Last updated: MAR 02 2014 @ 00:51 PST
This area is being recovered, piece by piece, from one of my
dead areas on another site. Stay tuned, more stuff is coming!
U3 Partition Remover
If you've ever purchased one of those Sandisk Cruzer USB thumbdrives, you likely have noticed an extra partition (CDFS format) on the drive that is designed for use with U3... which is supposed to be a useful source of applications and such stuff. However, in some cases (many workplaces in fact) use of such devices with unauthorized files that can't be removed by normal methods is completely verboten by quite understandable data security policies.
If you have access to a Windows system, you can at least use the U3 Uninstall Utility [1091719 bytes], at one point provided easily on the Sandisk website, to completely nuke the offending crapware and have a perfectly blank, single partition, normal thumbdrive. I have it here because the last time I tried to get it, the site was a near un-navigable hell. Screw that!
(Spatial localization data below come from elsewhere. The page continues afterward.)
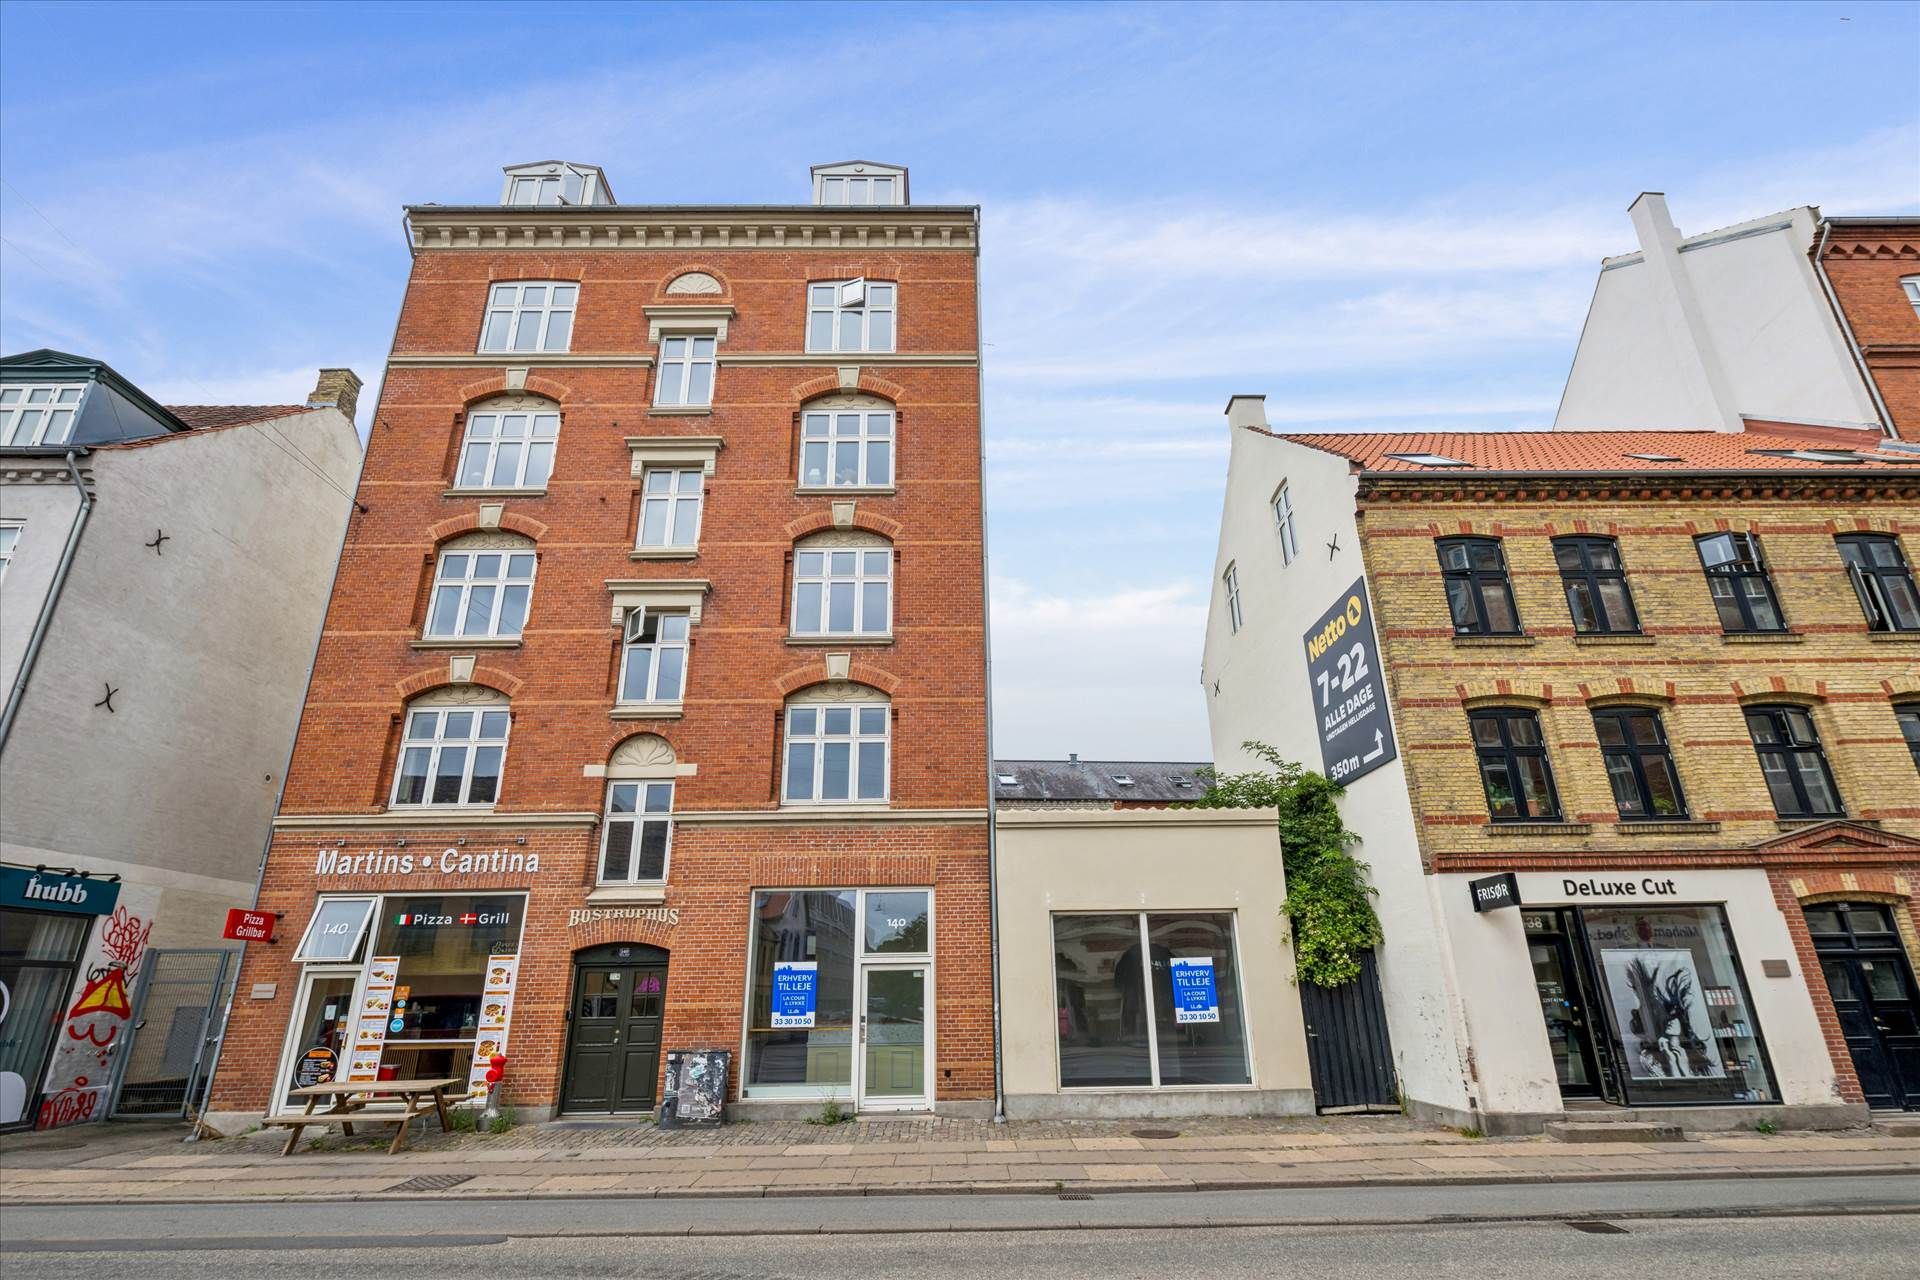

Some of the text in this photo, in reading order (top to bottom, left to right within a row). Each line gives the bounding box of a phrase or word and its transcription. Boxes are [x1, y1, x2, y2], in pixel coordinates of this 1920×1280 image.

[1308, 615, 1346, 663] Netto
[1317, 642, 1369, 708] 7-22
[1325, 683, 1374, 731] ALLE DAGE
[315, 848, 540, 875] Martins Cantina
[24, 877, 88, 904] hubb
[1477, 884, 1509, 901] FRISØR
[1563, 878, 1677, 896] DeLuxe Cut
[243, 913, 265, 926] Pizza
[413, 912, 510, 926] Pizza Grill
[568, 907, 680, 927] BOSTRUPHUS
[887, 918, 906, 929] 140
[236, 925, 266, 938] Grillbar
[323, 922, 349, 935] 140
[1175, 970, 1210, 978] ERHVERV
[792, 982, 812, 990] LEJE
[1177, 978, 1211, 987] TIL LEJE
It is not known whether there is a utility for Mac or with
Unix/Linux systems that finds and kills the extra partition. I
hope so... nobody needs to put up with this crap!
TwinFiles and VisiPics
I collect a lot of stuff. Anyone who has taken even the most cursory glance at my links here is probably saying 'DUH!'... Well, as one amasses tens, or even hundreds of thousands of pictures, music, and other internet flotsam, one is more likely than not to run into the situation of duplicate files. For Windows users, there are two utilities that can really save your sanity, and the first is the incredibly simple (and obviously named) Twin Files.
Twin Files finds exactly that... files that are *identical* twins, in directories of your choosing. Simply select the directories you want to analyze, and let it do its thing. Once it has evaluated everything, you will have a list of all the files you have in those directories which are not unique. It shows you exactly where they are, and you simply check boxes of stuff you want to delete, hit the delete button, and you're on your way to a much cleaner filesystem.
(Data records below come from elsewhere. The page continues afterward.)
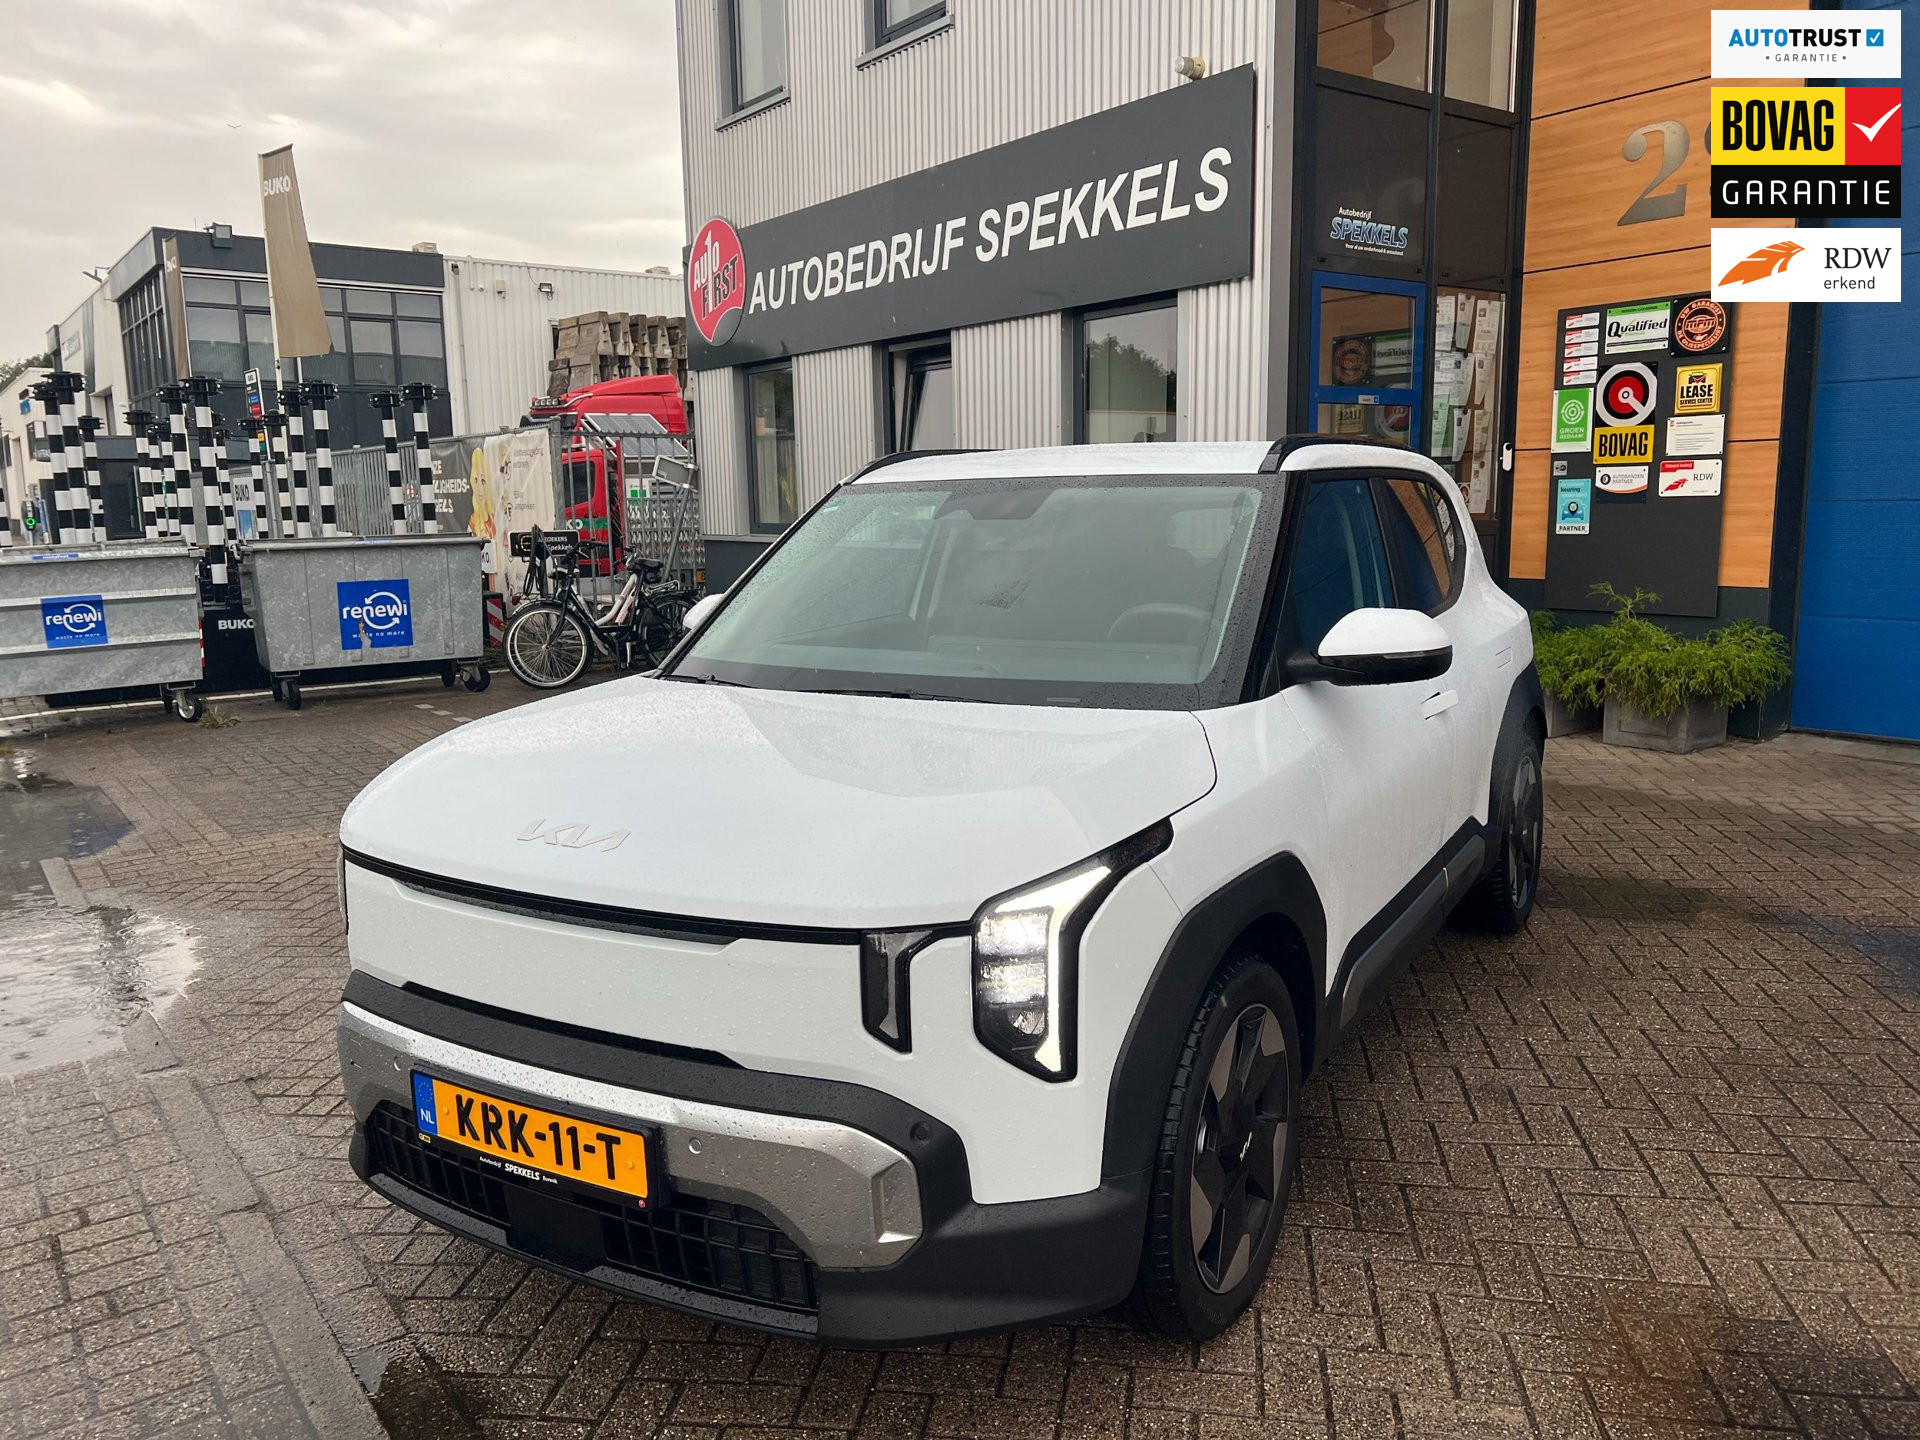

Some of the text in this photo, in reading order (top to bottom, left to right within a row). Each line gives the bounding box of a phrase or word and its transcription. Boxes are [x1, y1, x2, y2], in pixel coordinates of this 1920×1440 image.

[1617, 120, 1711, 226] 2
[1339, 207, 1372, 220] Autobedrijf
[749, 147, 1232, 314] AUTOBEDRIJF SPEKKELS
[1330, 217, 1409, 249] SPEKKELS
[1680, 300, 1721, 318] UW GARAGIST
[1608, 318, 1668, 338] Qualified
[1680, 384, 1713, 398] LEASE
[1599, 432, 1649, 457] BOVAG
[1693, 473, 1713, 481] RDW
[45, 608, 102, 625] renewi
[342, 600, 407, 619] renewi
[420, 1108, 435, 1124] NL
[455, 1094, 621, 1180] KRK-11-T
[504, 1162, 540, 1180] SPEKKELS
There are a couple bugs, and they manifest themselves more on later versions of Windows. As of Vista/7, the program often will not let you search volumes other than the C:\ volume. If your system seems to let you search other volumes, be very happy! Also, if when you start deleting files, the list tries to scroll beyond the list limit, it starts popping up errors. Just hold the ENTER key until it all stops. A third bug that could cause problems for those with international collections, is that TwinFiles HATES non-7bit characters in filenames. That means if you have files with Japanese or Russian text in them, or something like that, the moment the program runs across the file, scanning stops immediately.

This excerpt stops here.